A nurse is standing beside the patient’s bed. Nurse:How are you doing? Patient:I don’t feel good. Which element will the nurse identify as feedback?
- A. Nurse
- B. Patient
- C. How are you doing?
- D. I don’t feel good.
Correct Answer: D
Rationale: In communication, feedback is the response or message provided by the receiver to the sender. In this scenario, the nurse asks the patient, "How are you doing?" The patient's response, "I don't feel good," is the feedback. It is the patient's reaction and message returning to the nurse. The nurse, in this context, is the sender initiating the conversation, while the patient is the receiver providing the feedback in response to the nurse's inquiry. Therefore, the statement "I don't feel good" constitutes the feedback in this communication exchange.
A nurse is teaching a health class about colorectalcancer. Which information should the nurse include in the teaching session? (Select all that apply.)
- A. A risk factor is smoking.
- B. A risk factor is high intake of animal fats or red meat.

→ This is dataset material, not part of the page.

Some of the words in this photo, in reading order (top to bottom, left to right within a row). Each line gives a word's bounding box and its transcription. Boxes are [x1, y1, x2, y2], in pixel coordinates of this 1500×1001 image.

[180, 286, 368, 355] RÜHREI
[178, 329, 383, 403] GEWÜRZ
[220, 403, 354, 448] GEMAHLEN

- C. A warning sign is rectal bleeding.
- D. A warning sign is a sense of incomplete evacuation.
Correct Answer: A
Rationale: A. A risk factor is smoking: Smoking has been identified as a risk factor for colorectal cancer. It is important for the nurse to include this information during the teaching session to emphasize the importance of smoking cessation in reducing the risk of developing colorectal cancer.